WHAT IS REQUIRED:
Retype the whole listing, please, keeping every line exact and dropping the pictures.

SUPPLIED INFORMATION:
=======

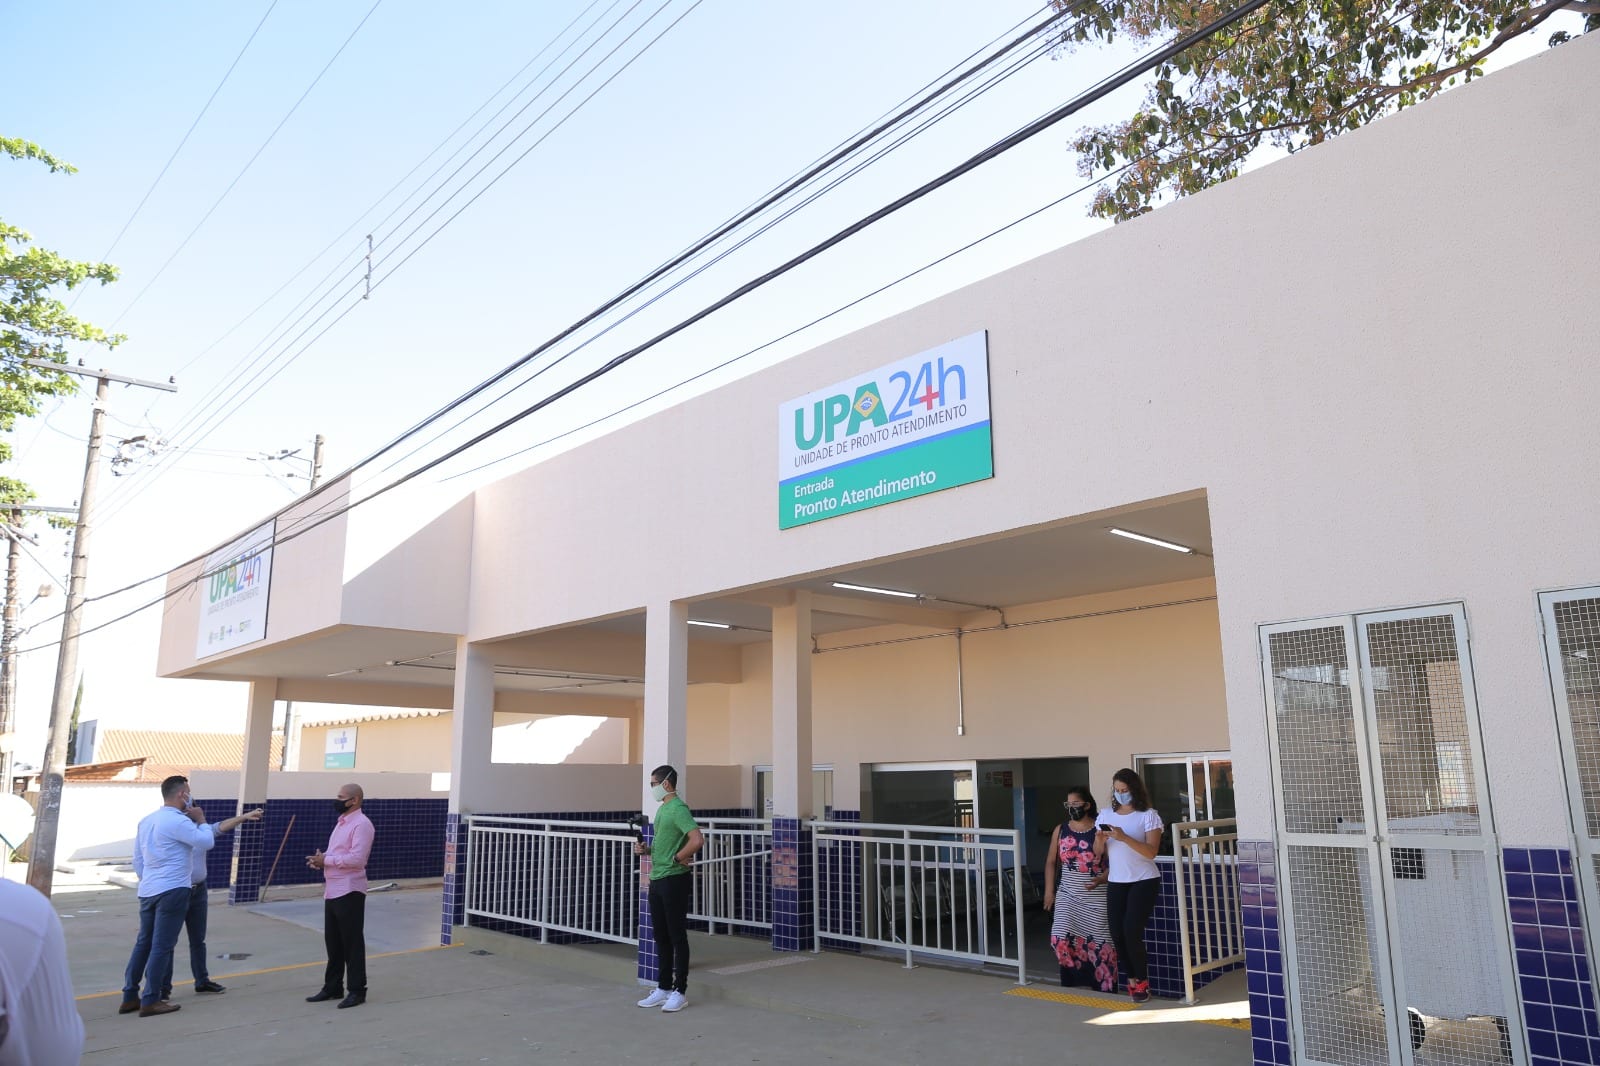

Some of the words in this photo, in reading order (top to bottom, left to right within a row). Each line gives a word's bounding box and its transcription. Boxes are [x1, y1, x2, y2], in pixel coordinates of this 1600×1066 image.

[794, 445, 833, 468] UNIDADE
[836, 440, 847, 455] DE
[851, 428, 889, 451] PRONTO
[891, 404, 967, 438] ATENDIMENTO
[794, 477, 834, 498] Entrada
[794, 496, 837, 518] Pronto
[841, 470, 936, 506] Atendimento
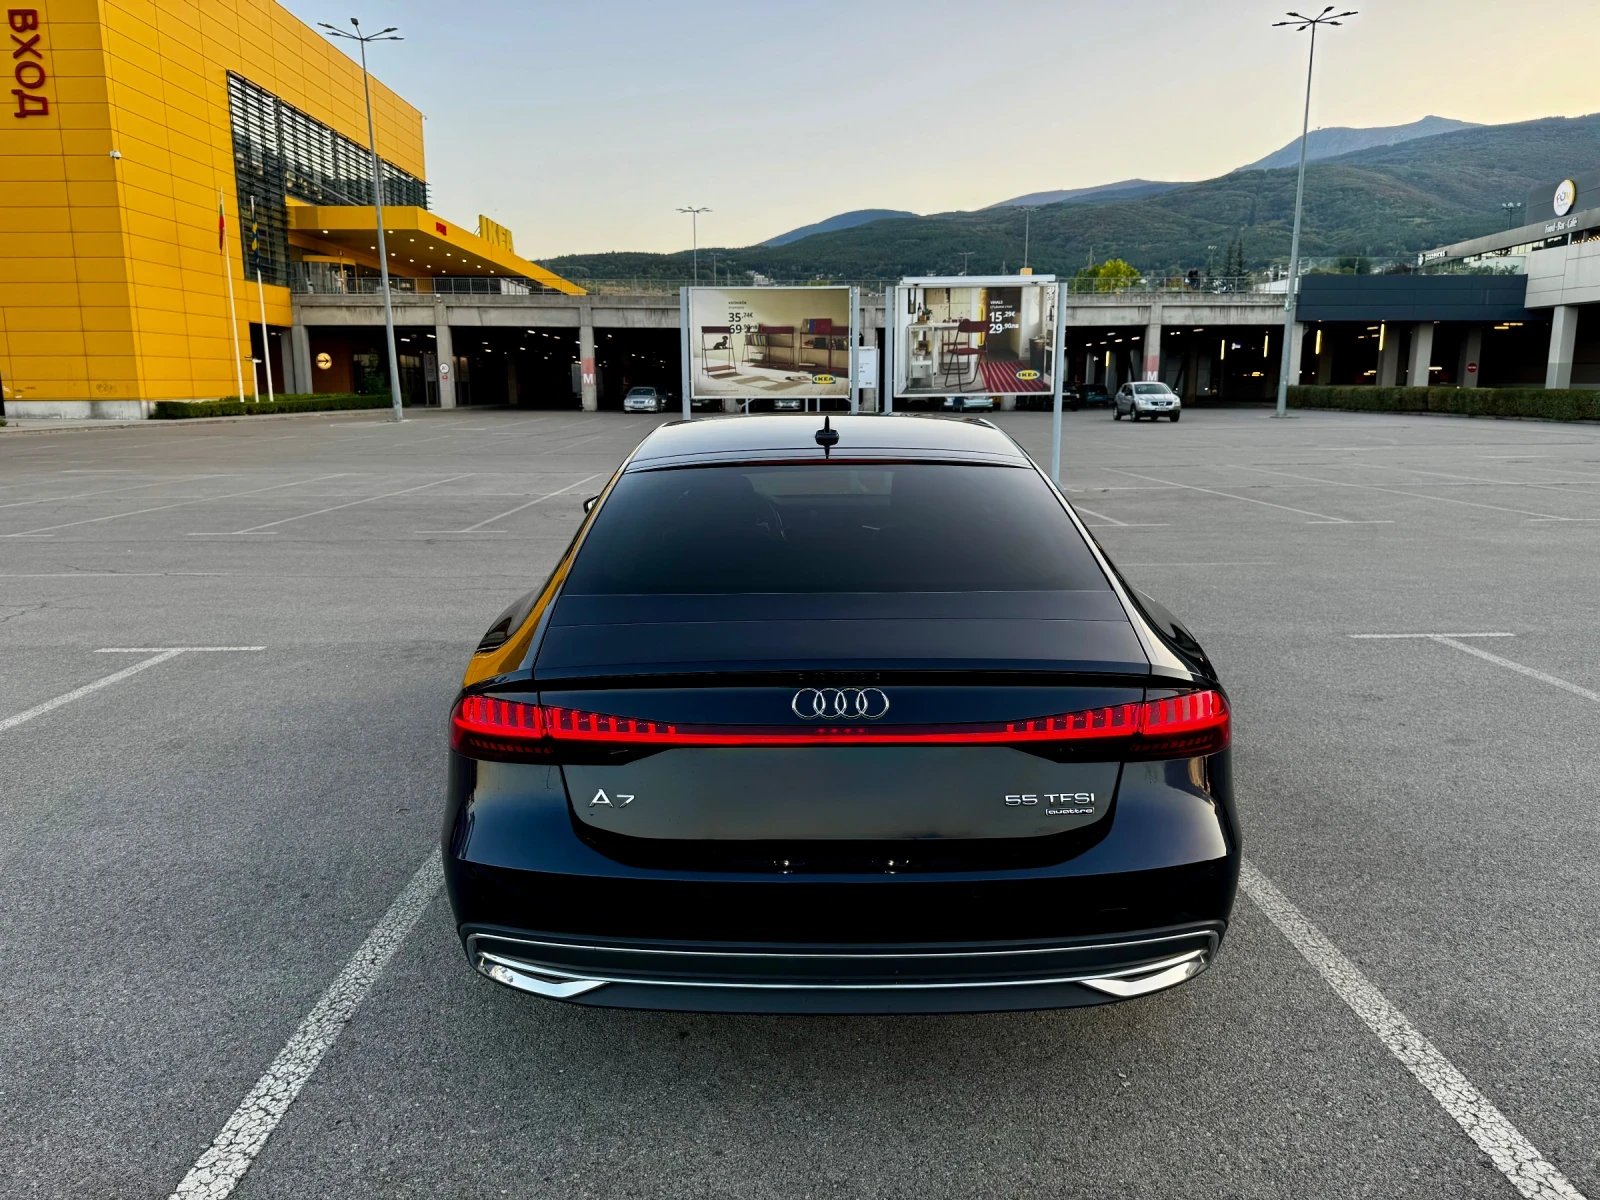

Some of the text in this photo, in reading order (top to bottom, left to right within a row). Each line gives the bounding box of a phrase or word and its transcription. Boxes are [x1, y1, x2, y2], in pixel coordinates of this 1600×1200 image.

[8, 9, 49, 118] ВХОД
[479, 214, 514, 255] IKEA
[583, 373, 594, 384] M
[1147, 371, 1158, 381] M
[1005, 792, 1095, 806] 55 TFSI

=======

REPLY TO THE TASK:
Some of the words in this photo, in reading order (top to bottom, left to right within a row). Each line gives a word's bounding box and its transcription. Boxes are [x1, y1, x2, y2], in pixel coordinates of this 1600×1066 image.

[794, 445, 833, 468] UNIDADE
[836, 440, 847, 455] DE
[851, 428, 889, 451] PRONTO
[891, 404, 967, 438] ATENDIMENTO
[794, 477, 834, 498] Entrada
[794, 496, 837, 518] Pronto
[841, 470, 936, 506] Atendimento

Some of the text in this photo, in reading order (top to bottom, left to right within a row). Each line gives the bounding box of a phrase or word and its transcription. Boxes are [x1, y1, x2, y2], in pixel coordinates of this 1600×1200 image.

[8, 9, 49, 118] ВХОД
[479, 214, 514, 255] IKEA
[583, 373, 594, 384] M
[1147, 371, 1158, 381] M
[1005, 792, 1095, 806] 55 TFSI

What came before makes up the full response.